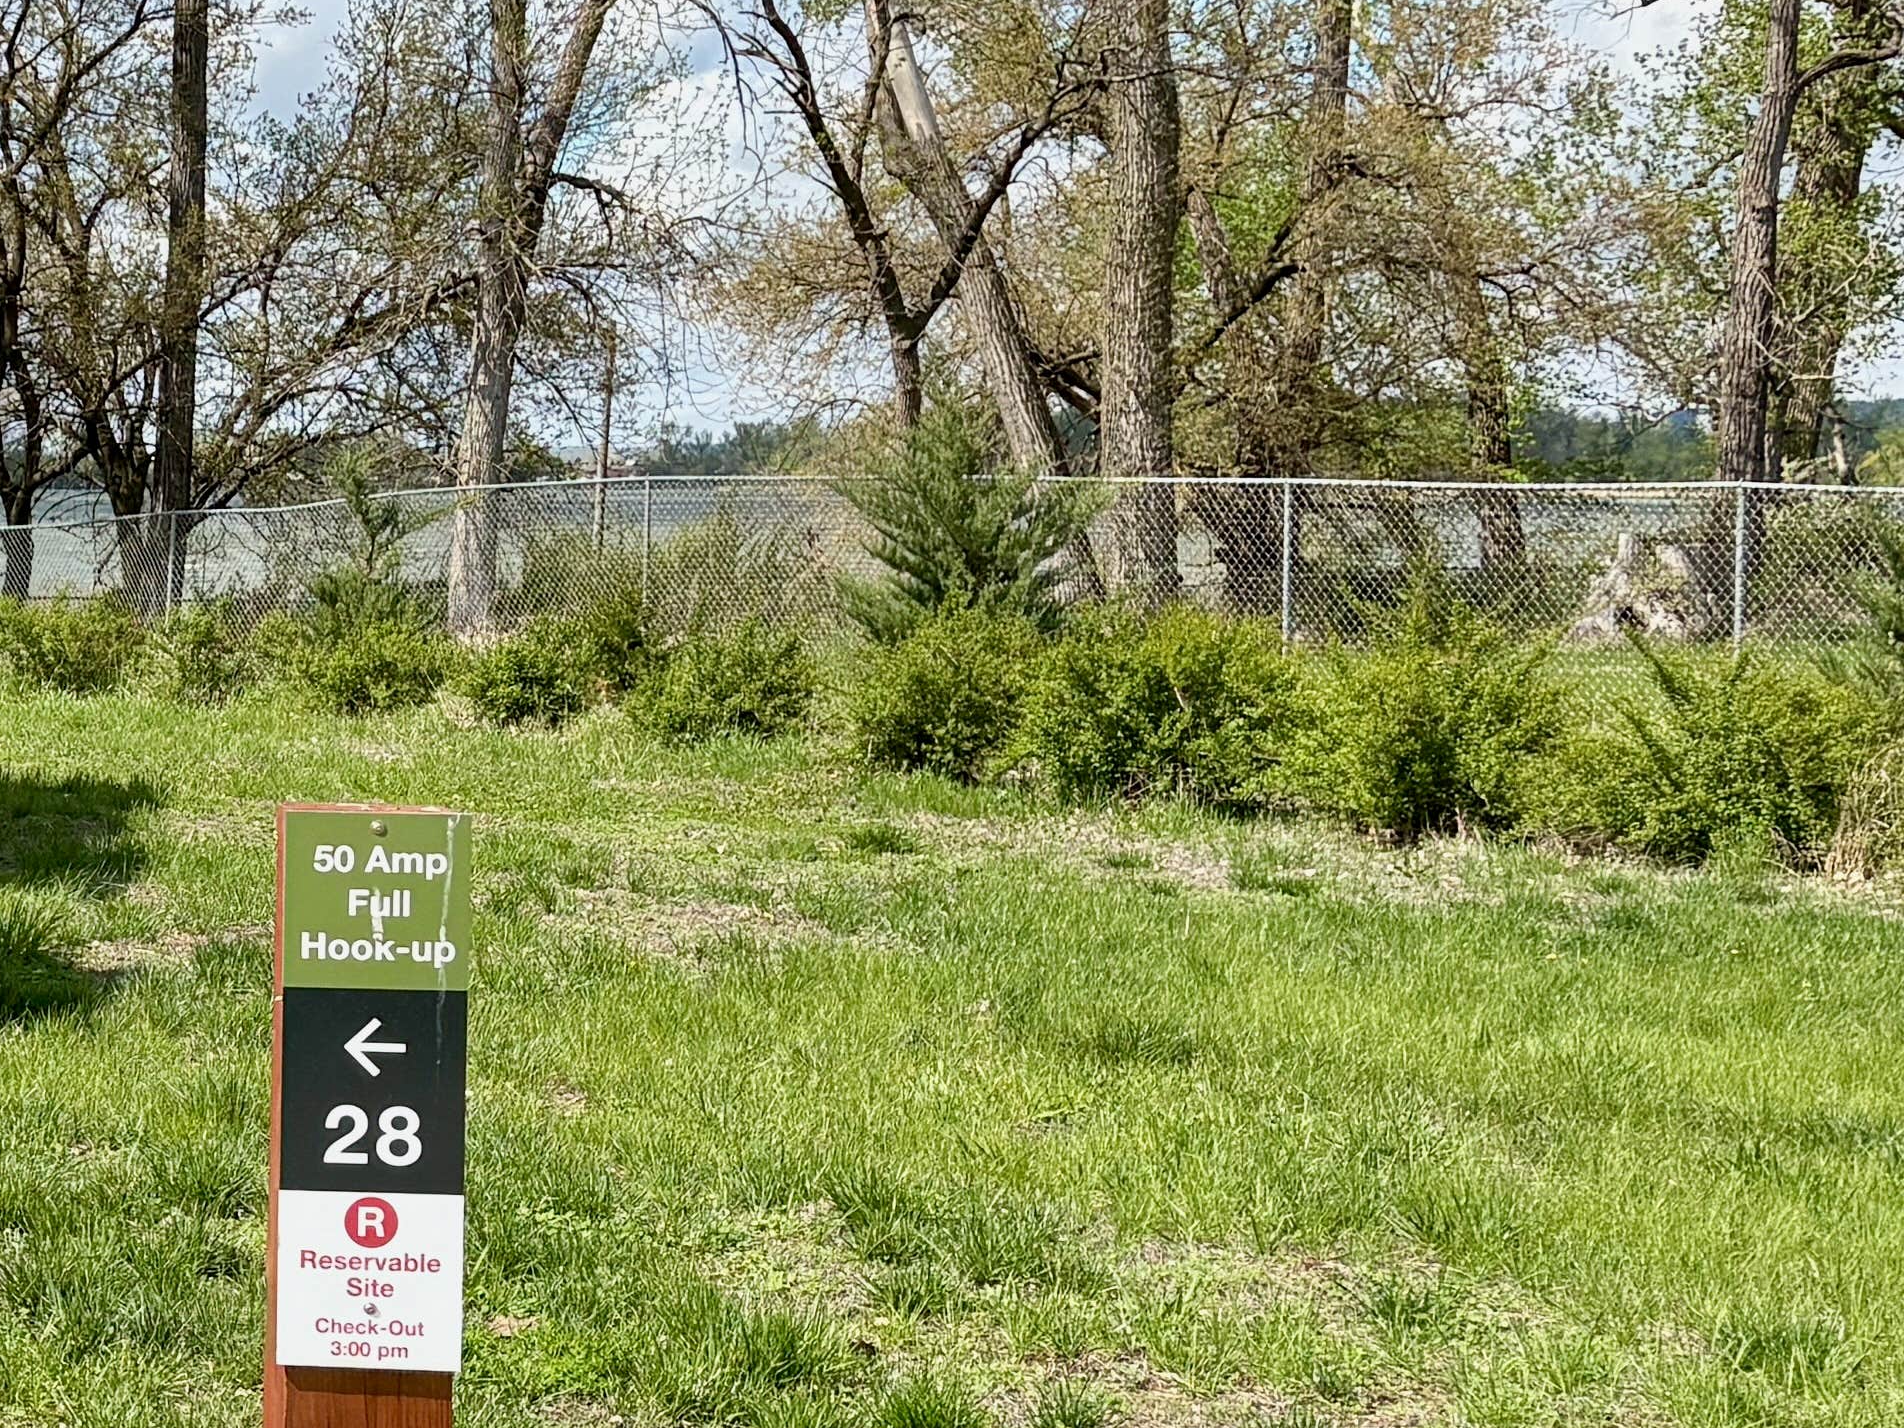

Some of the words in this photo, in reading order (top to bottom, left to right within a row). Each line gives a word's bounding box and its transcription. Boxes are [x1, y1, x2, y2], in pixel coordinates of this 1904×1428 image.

[313, 844, 355, 873] 50
[364, 844, 448, 880] Amp
[348, 888, 411, 917] Full
[301, 931, 456, 968] Hook-up
[323, 1104, 422, 1167] 28
[357, 1206, 385, 1238] R
[300, 1250, 441, 1273] Reservable
[346, 1277, 394, 1297] Site
[315, 1317, 424, 1337] Check-Out
[330, 1340, 371, 1357] 3:00
[378, 1345, 408, 1361] pm

= = = =

Problem description » Once the pictures are set aside, transcribe the remaining lines above exactly.

Your solution »
Some of the words in this photo, in reading order (top to bottom, left to right within a row). Each line gives a word's bounding box and its transcription. Boxes are [x1, y1, x2, y2], in pixel coordinates of this 1904×1428 image.

[313, 844, 355, 873] 50
[364, 844, 448, 880] Amp
[348, 888, 411, 917] Full
[301, 931, 456, 968] Hook-up
[323, 1104, 422, 1167] 28
[357, 1206, 385, 1238] R
[300, 1250, 441, 1273] Reservable
[346, 1277, 394, 1297] Site
[315, 1317, 424, 1337] Check-Out
[330, 1340, 371, 1357] 3:00
[378, 1345, 408, 1361] pm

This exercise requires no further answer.